SPB defines a shortest path Region which is the boundary of the shortest path topology and the rest of the VLAN topology (which may be any number of legacy bridges.) SPB operates by learning the SPB capable bridges and growing the Region to include the SPB capable bridges that have the same Base VID and MSTID configuration digest (Allocation of VIDs for SPB purposes).
SPBV builds shortest path trees that support Loop Prevention and optionally support loop mitigation on the SPVID. SPBV still allows learning of Ethernet MAC addresses but it can distribute multicast address that can be used to prune the shortest path trees according to the multicast membership either through MMRP or directly using IS-IS distribution of multicast membership.
SPBV builds shortest path trees but also interworks with legacy bridges running Rapid Spanning Tree Protocol and Multiple Spanning Tree Protocol. SPBV uses techniques from MSTP Regions to interwork with non-SPB regions behaving logically as a large distributed bridge as viewed from outside the region.
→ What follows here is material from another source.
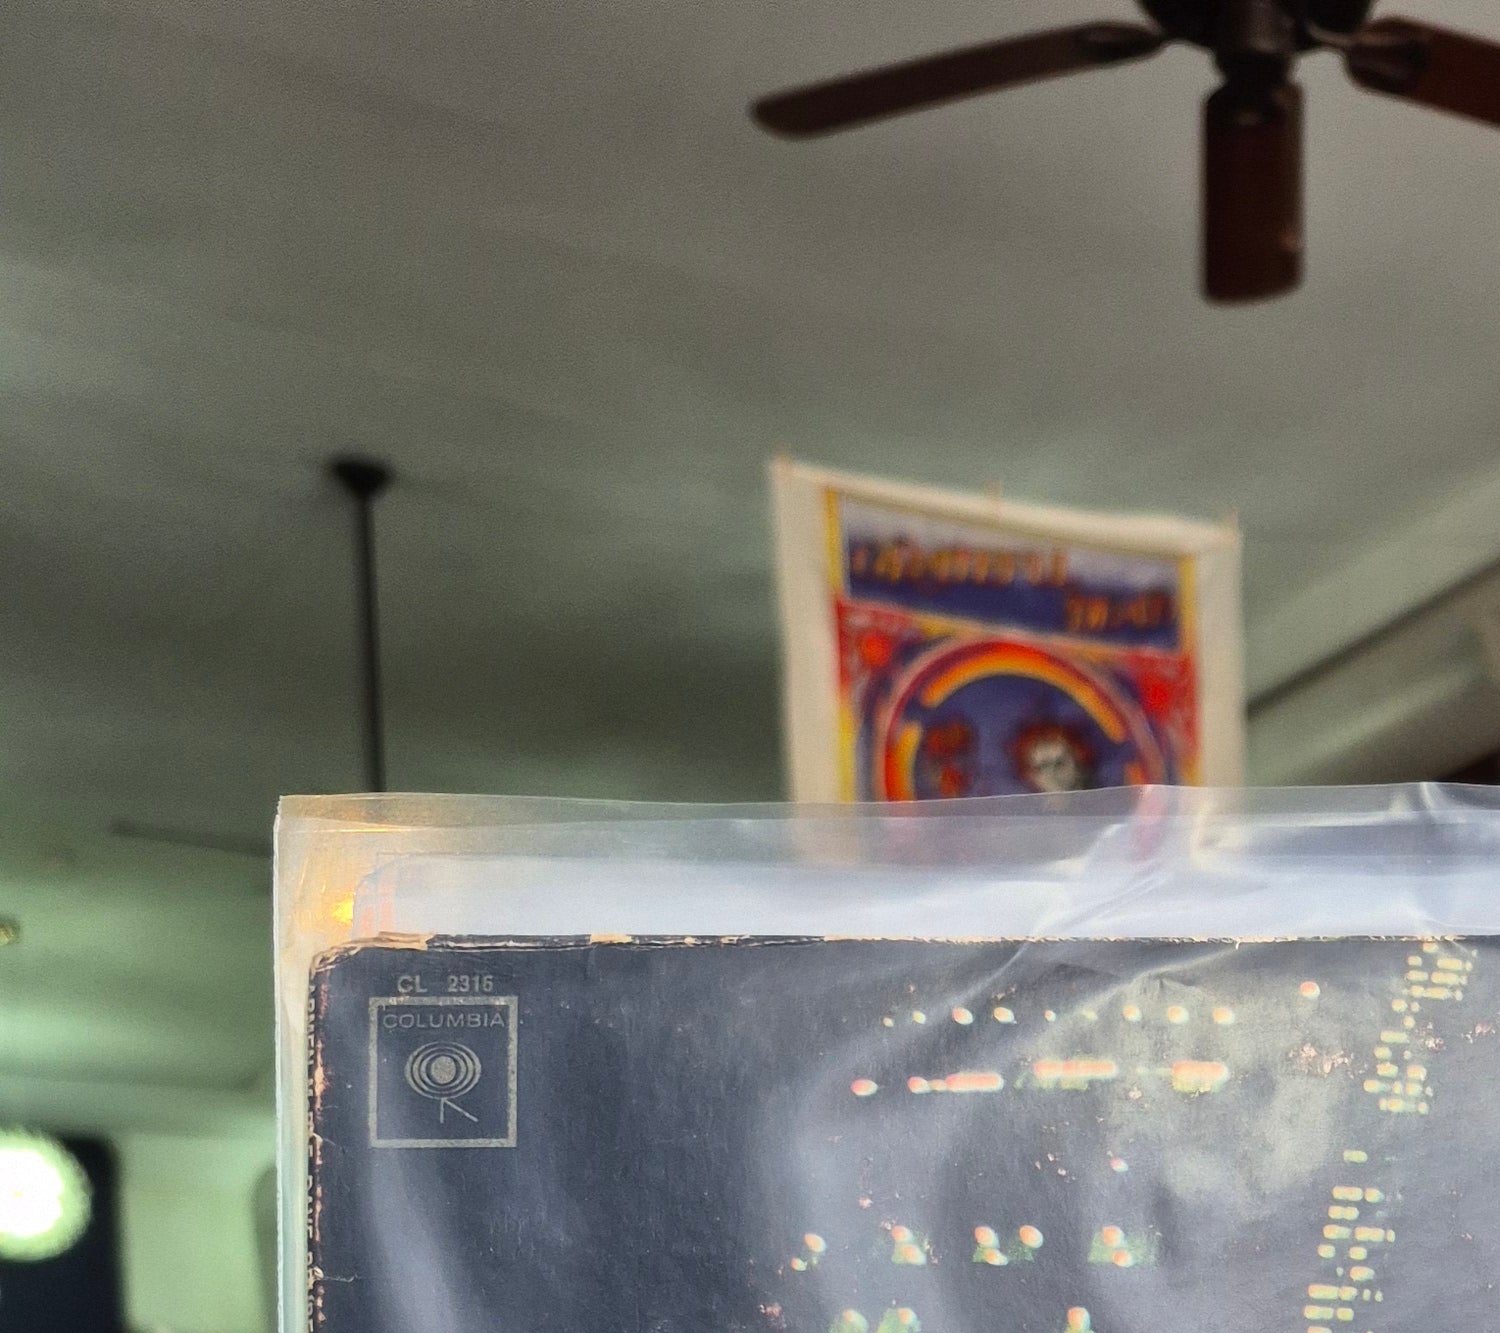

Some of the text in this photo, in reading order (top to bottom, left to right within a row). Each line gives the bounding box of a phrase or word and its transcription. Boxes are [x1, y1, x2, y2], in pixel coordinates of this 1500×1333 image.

[397, 974, 495, 993] CL 2316
[382, 1012, 506, 1029] COLUMBIA
SPBV supports shortest path trees but SPBV also builds a spanning tree which is computed from the link state database and uses the Base VID. This means that SPBV can use this traditional spanning tree for computation of the Common and Internal Spanning Tree (CIST). The CIST is the default tree used to interwork with other legacy bridges. It also serves as a fall back spanning tree if there are configuration problems with SPBV.
SPBV has been designed to manage a moderate number of bridges. SPBV differs from SPBM in that MAC addresses are learned on all bridges that lie on the shortest path and a shared VLAN learning is used since destination MACs may be associated with multiple SPVIDs. SPBV learns all MACs it forwards even outside the SPBV region.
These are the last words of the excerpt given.